**TASK STATEMENT:**
Copy the entries below word for word, minus the pictures.

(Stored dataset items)
<<<<

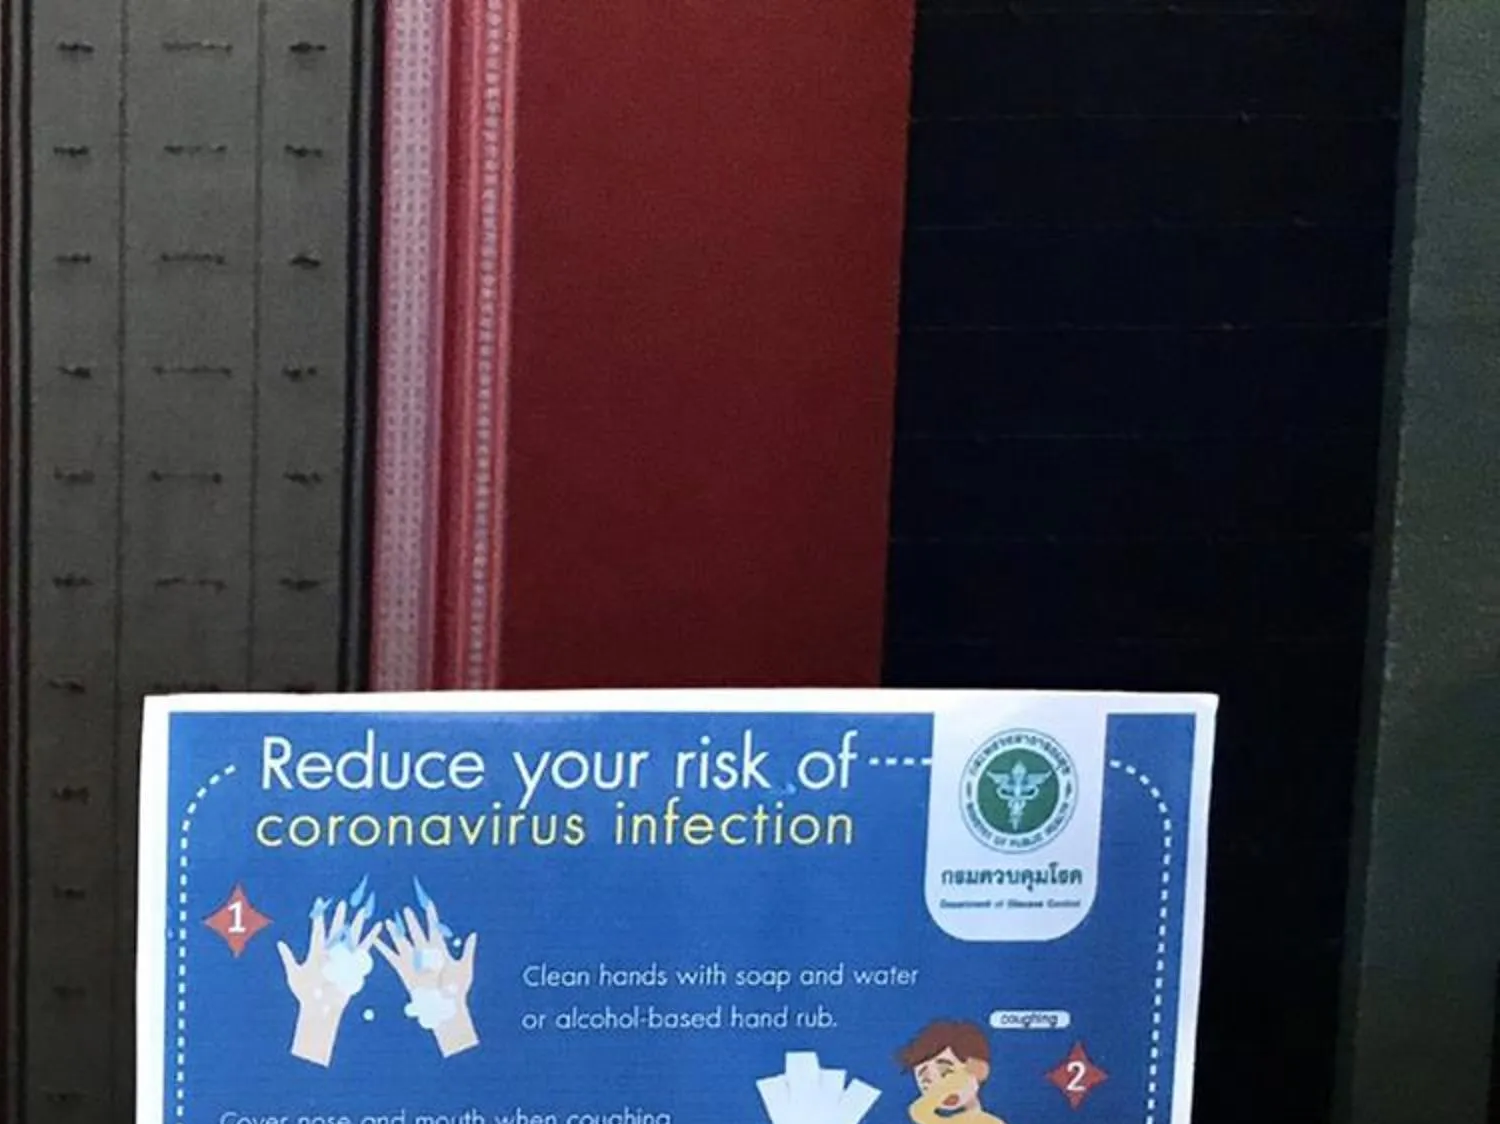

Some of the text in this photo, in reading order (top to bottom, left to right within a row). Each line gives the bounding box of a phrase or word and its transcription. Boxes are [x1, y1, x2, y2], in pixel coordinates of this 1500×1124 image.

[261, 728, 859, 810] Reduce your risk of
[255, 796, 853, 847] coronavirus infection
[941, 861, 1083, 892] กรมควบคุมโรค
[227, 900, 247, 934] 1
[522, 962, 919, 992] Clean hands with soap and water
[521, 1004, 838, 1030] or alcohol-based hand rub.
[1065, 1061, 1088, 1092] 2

>>>>

**ANSWER SPACE:**
Some of the text in this photo, in reading order (top to bottom, left to right within a row). Each line gives the bounding box of a phrase or word and its transcription. Boxes are [x1, y1, x2, y2], in pixel coordinates of this 1500×1124 image.

[261, 728, 859, 810] Reduce your risk of
[255, 796, 853, 847] coronavirus infection
[941, 861, 1083, 892] กรมควบคุมโรค
[227, 900, 247, 934] 1
[522, 962, 919, 992] Clean hands with soap and water
[521, 1004, 838, 1030] or alcohol-based hand rub.
[1065, 1061, 1088, 1092] 2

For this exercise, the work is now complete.